Excluding pictures, give the entries again exactly as they appear.

(Annotated photo localization data)

********************

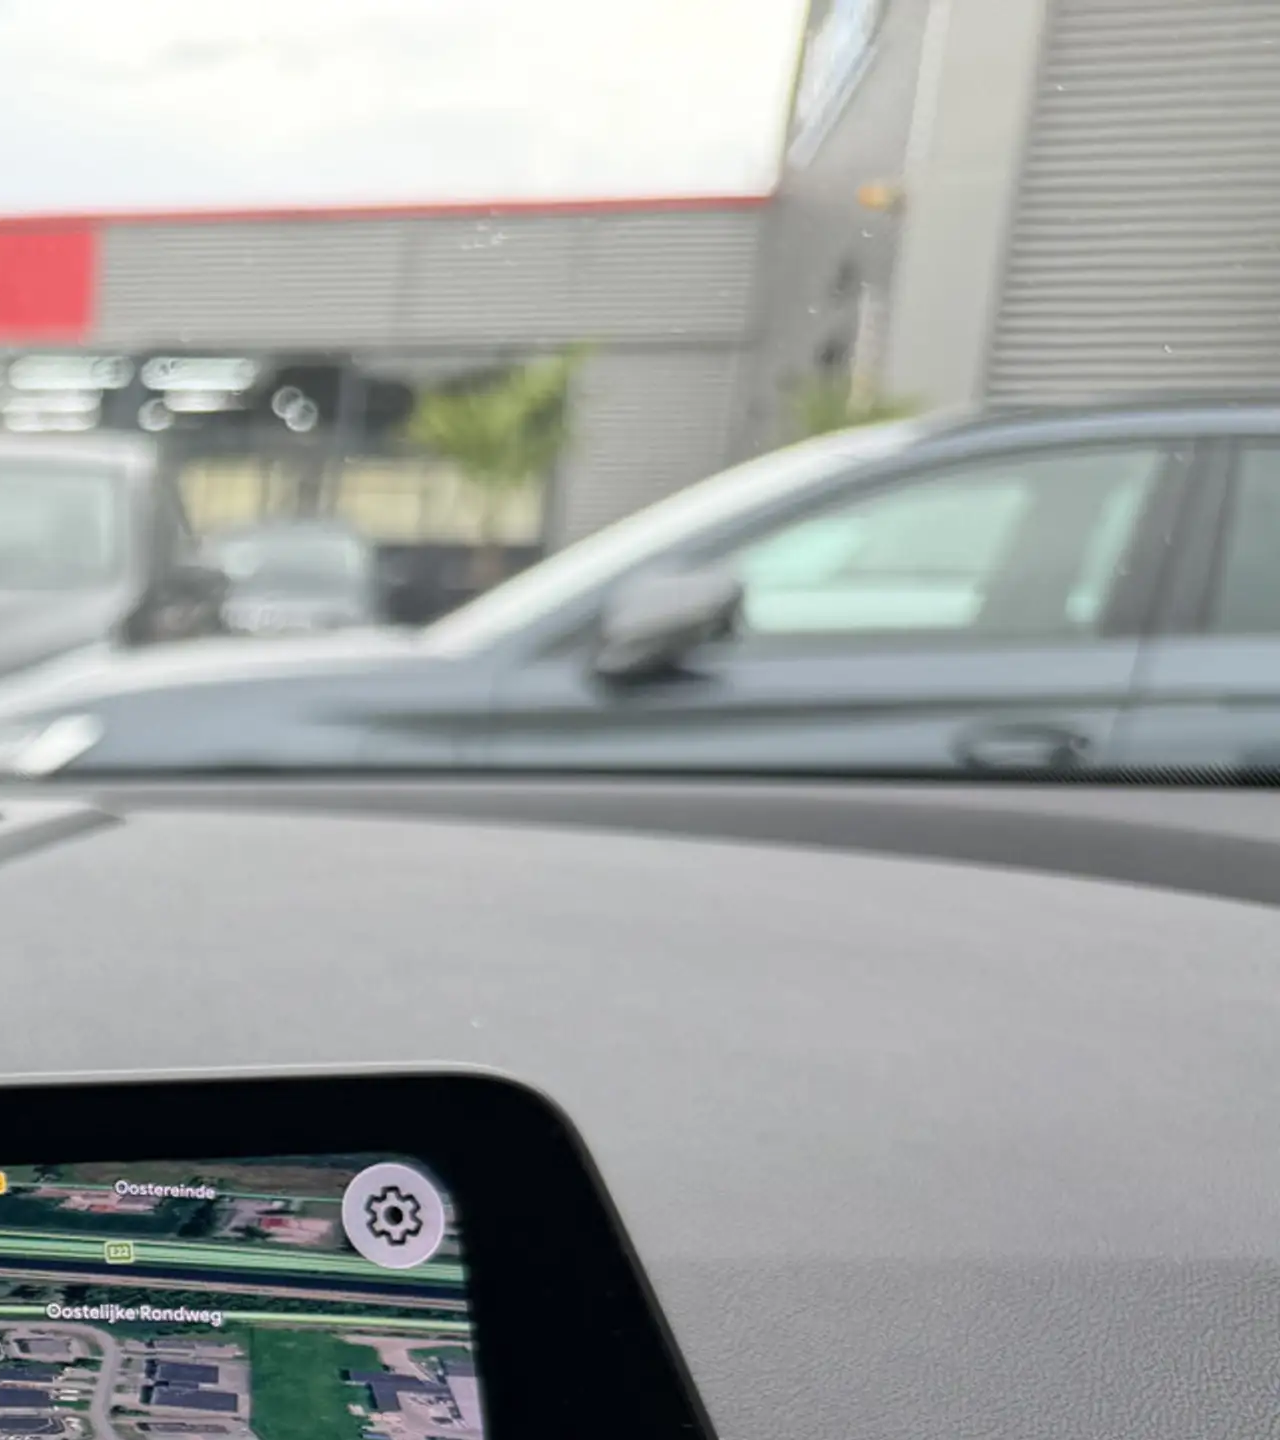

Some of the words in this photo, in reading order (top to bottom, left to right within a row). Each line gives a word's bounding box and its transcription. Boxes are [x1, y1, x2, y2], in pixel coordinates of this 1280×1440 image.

[115, 1180, 216, 1200] Oostereinde
[46, 1303, 135, 1324] Oostelijke
[140, 1305, 223, 1327] Rondweg
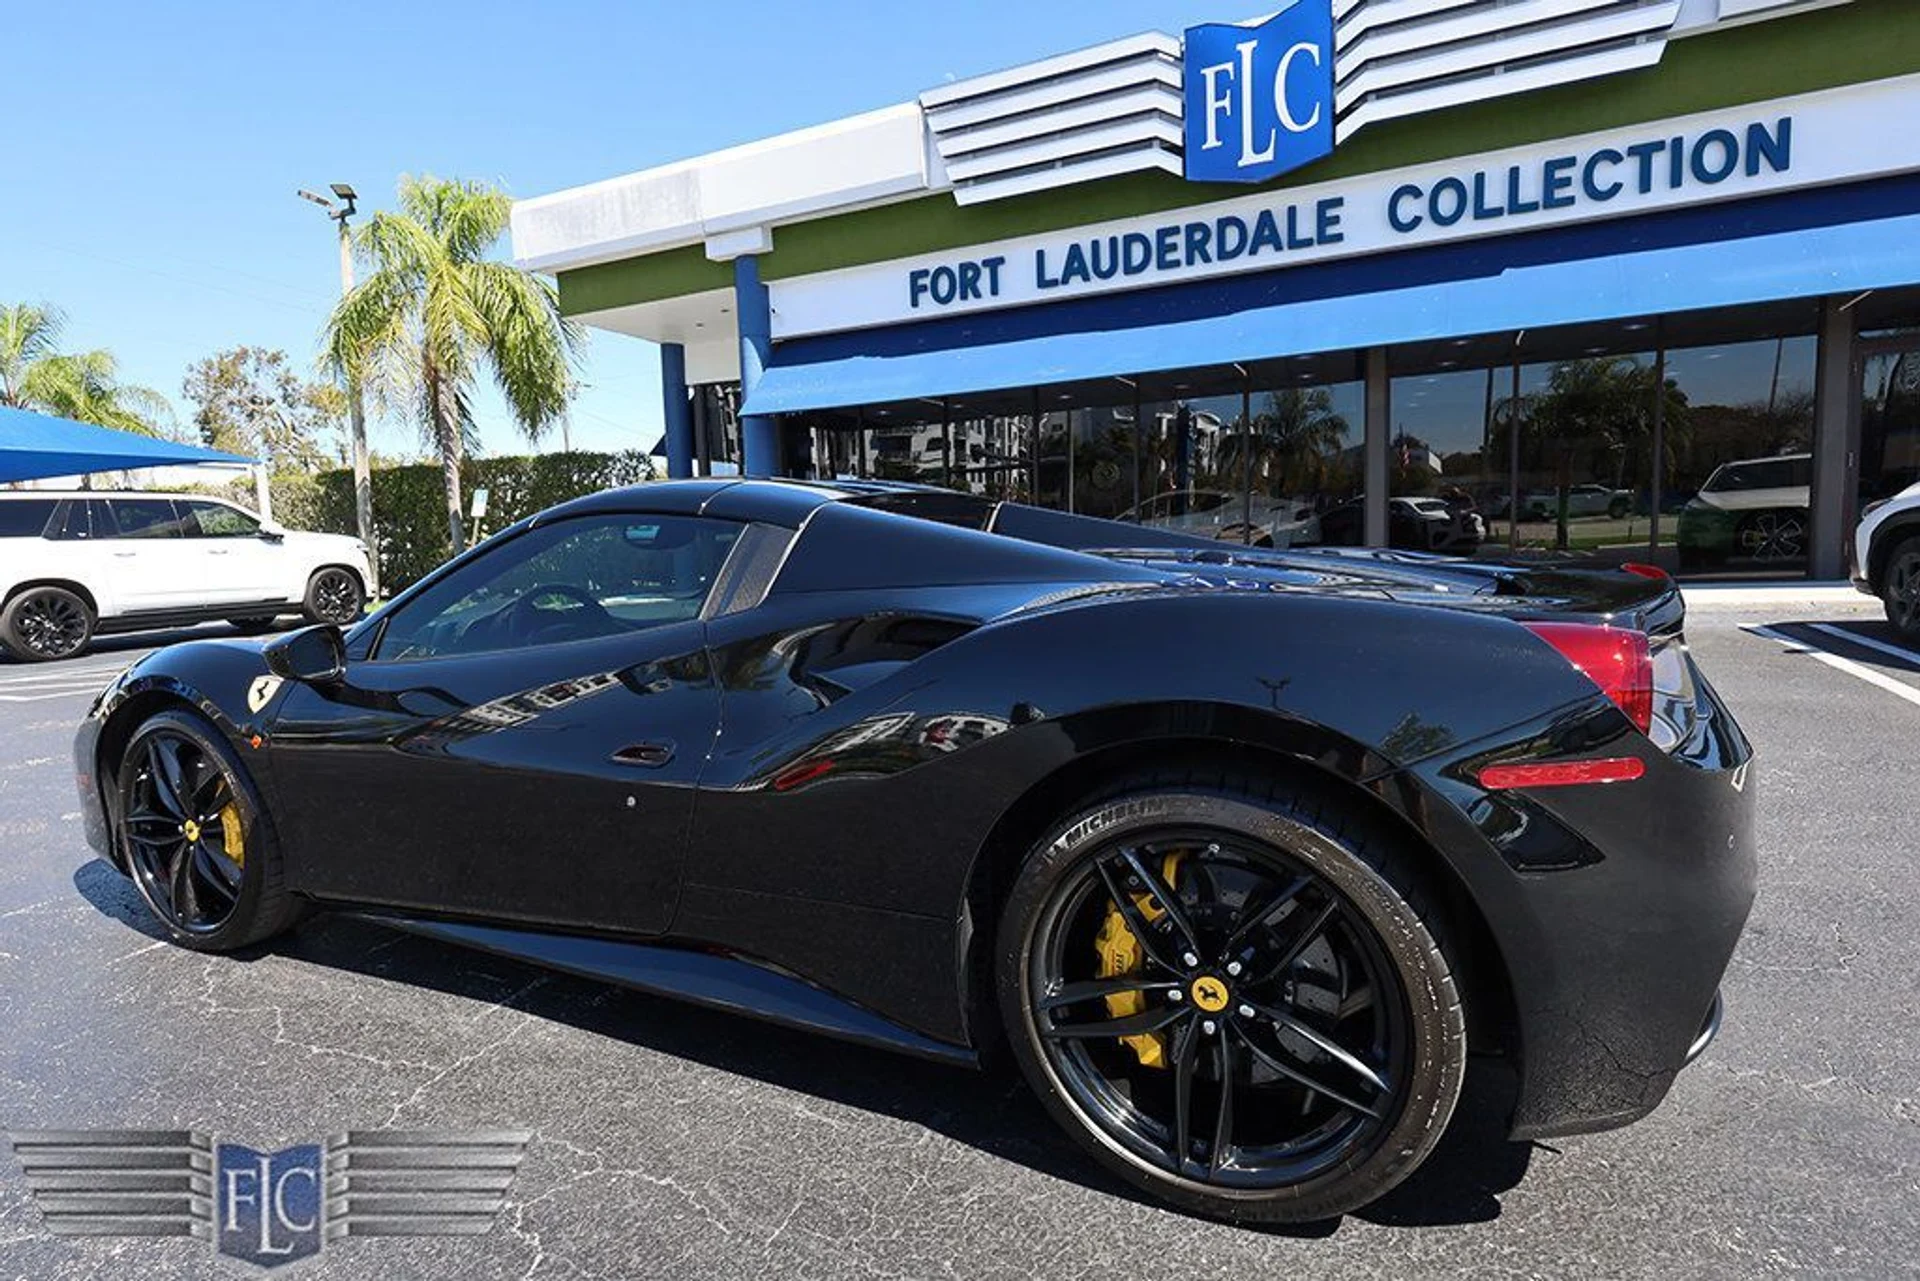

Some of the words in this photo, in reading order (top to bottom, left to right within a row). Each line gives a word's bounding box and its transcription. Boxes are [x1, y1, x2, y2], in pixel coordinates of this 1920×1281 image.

[1200, 40, 1320, 167] FLC
[909, 256, 1006, 308] FORT
[1036, 196, 1344, 289] LAUDERDALE
[1387, 117, 1792, 233] COLLECTION
[1064, 797, 1168, 848] MICHELIN
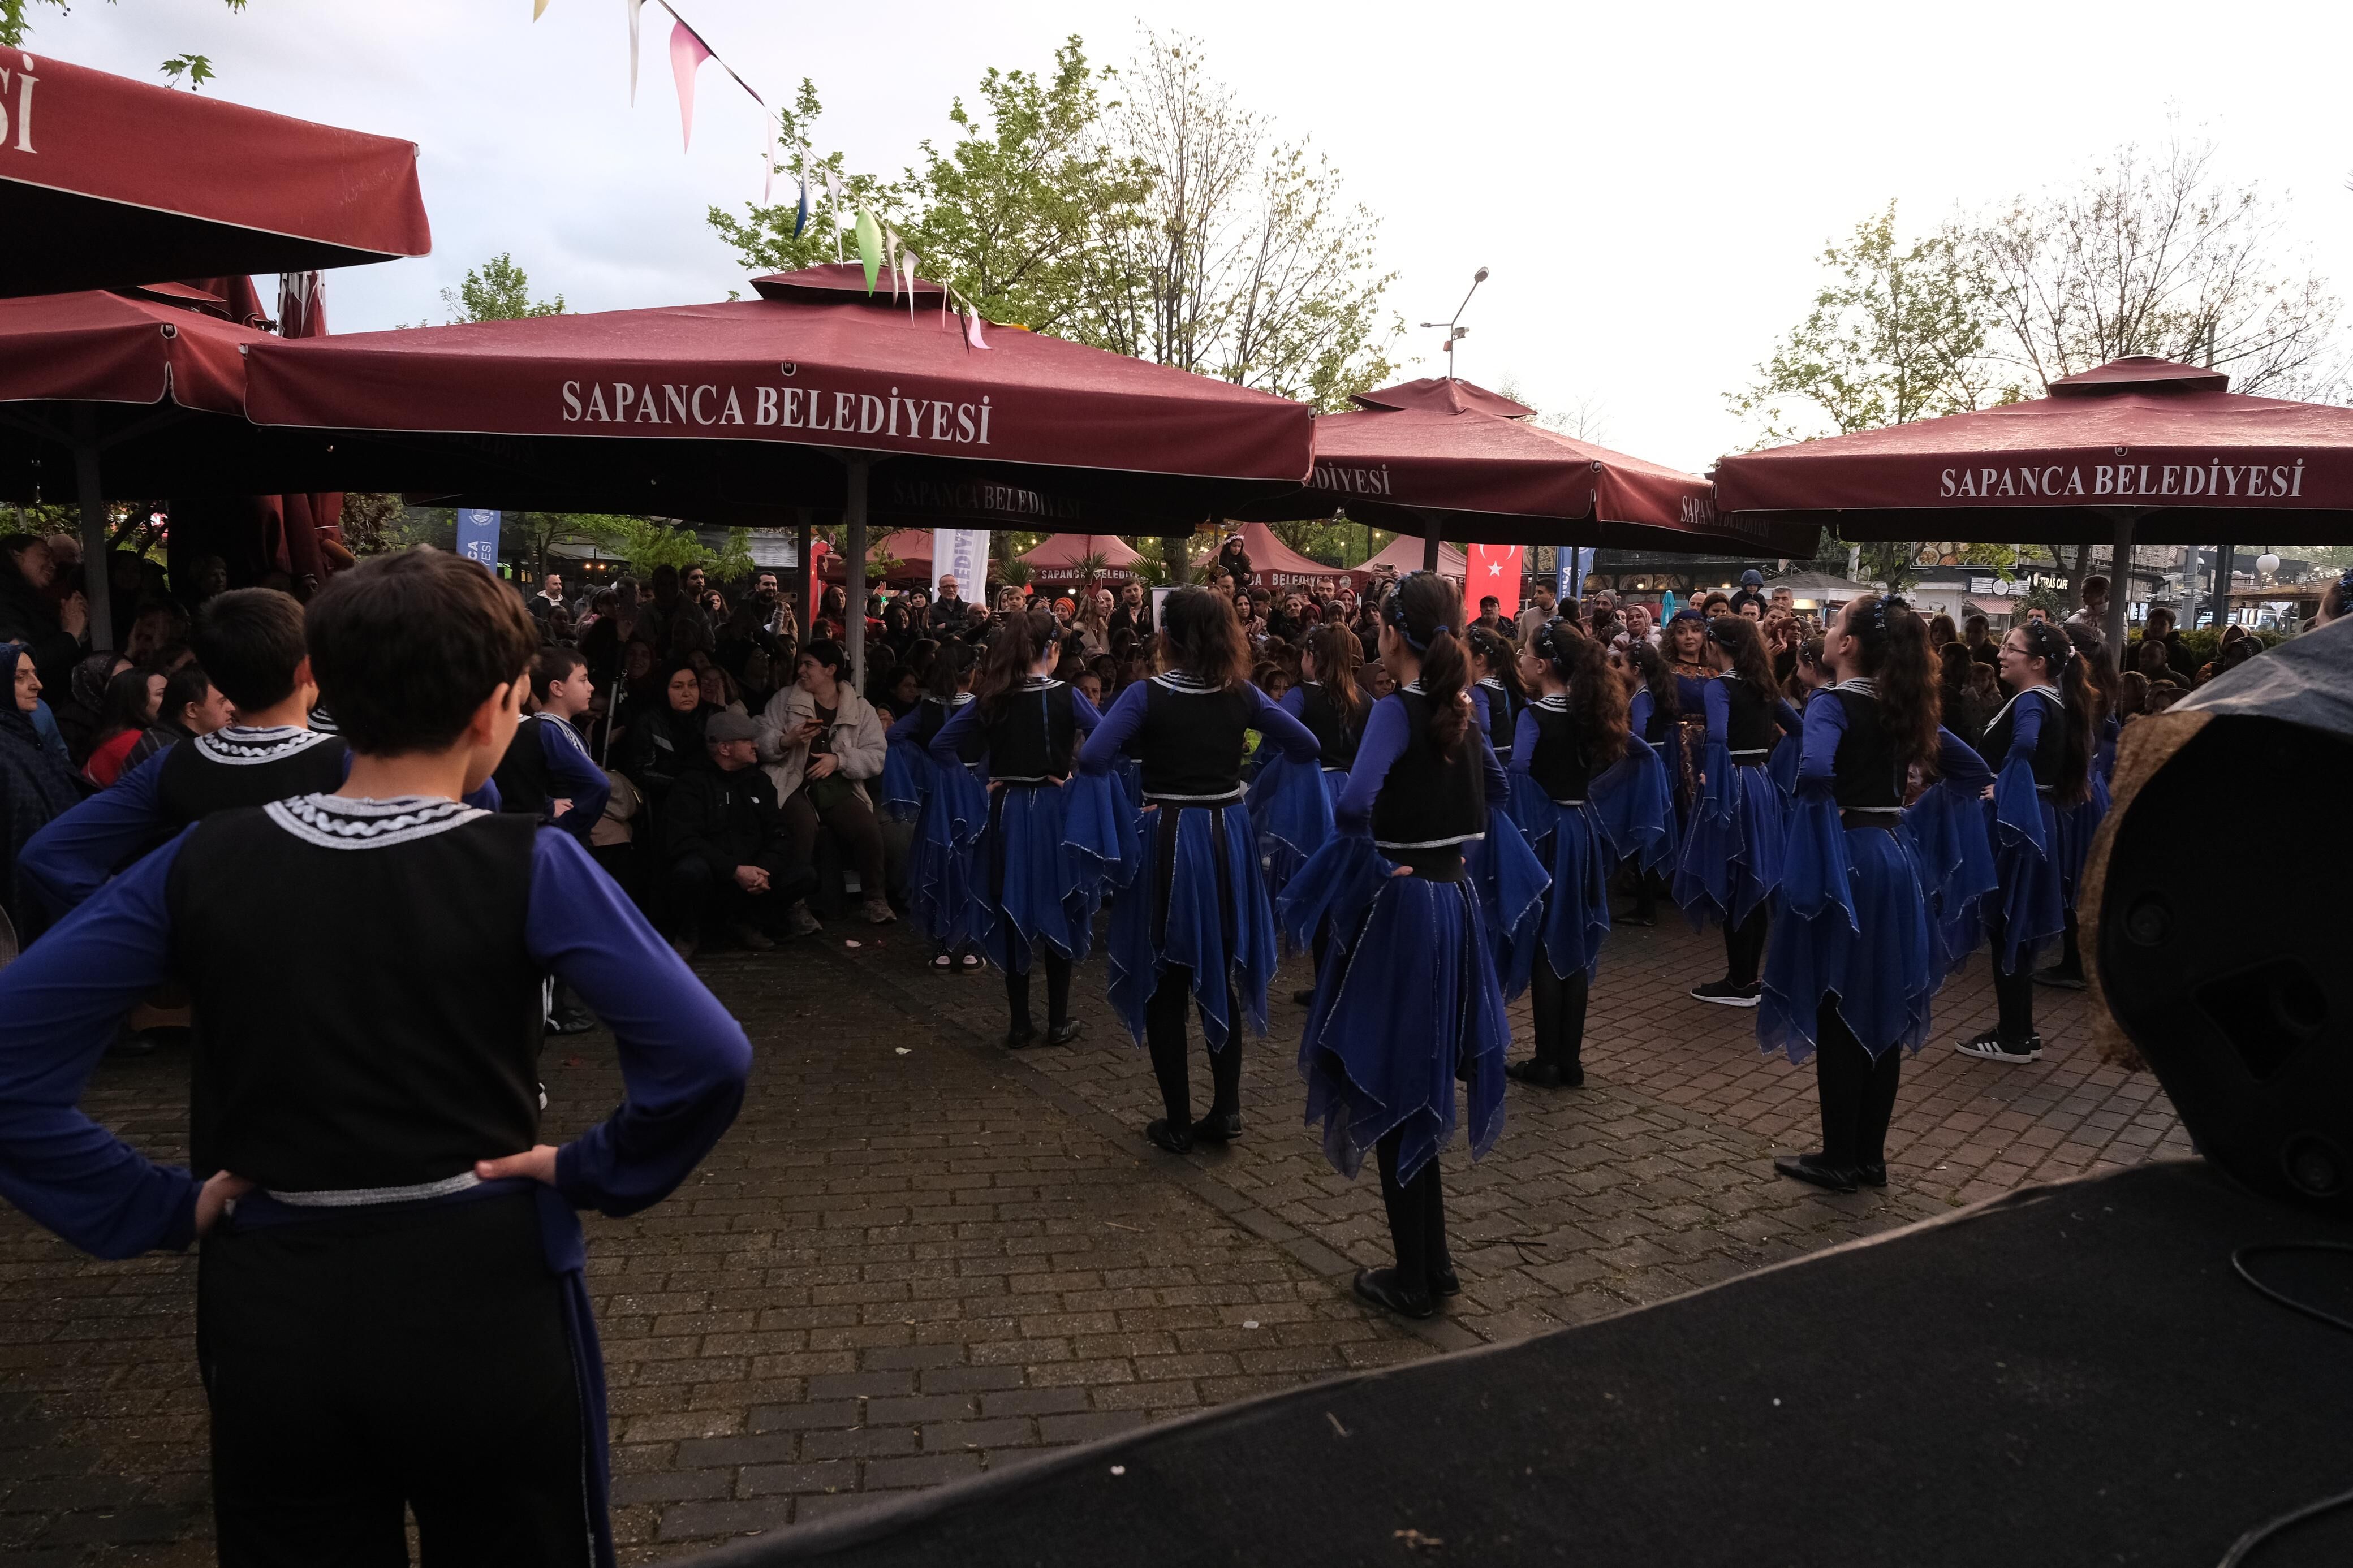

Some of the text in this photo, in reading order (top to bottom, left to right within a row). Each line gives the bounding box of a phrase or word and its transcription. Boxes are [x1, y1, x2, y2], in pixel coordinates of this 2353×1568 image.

[562, 381, 993, 445] SAPANCA BELEDİYESİ
[1940, 457, 2305, 498] SAPANCA BELEDİYESİ
[2056, 578, 2068, 590] CAFE

********************

- _Written response_
Some of the words in this photo, in reading order (top to bottom, left to right within a row). Each line gives a word's bounding box and its transcription. Boxes are [x1, y1, x2, y2], in pixel coordinates of this 1280×1440 image.

[115, 1180, 216, 1200] Oostereinde
[46, 1303, 135, 1324] Oostelijke
[140, 1305, 223, 1327] Rondweg

Some of the words in this photo, in reading order (top to bottom, left to right within a row). Each line gives a word's bounding box and its transcription. Boxes are [x1, y1, x2, y2], in pixel coordinates of this 1920×1281 image.

[1200, 40, 1320, 167] FLC
[909, 256, 1006, 308] FORT
[1036, 196, 1344, 289] LAUDERDALE
[1387, 117, 1792, 233] COLLECTION
[1064, 797, 1168, 848] MICHELIN

Some of the text in this photo, in reading order (top to bottom, left to right within a row). Each line gives the bounding box of a phrase or word and its transcription. Boxes are [x1, y1, x2, y2], in pixel coordinates of this 2353×1568 image.

[562, 381, 993, 445] SAPANCA BELEDİYESİ
[1940, 457, 2305, 498] SAPANCA BELEDİYESİ
[2056, 578, 2068, 590] CAFE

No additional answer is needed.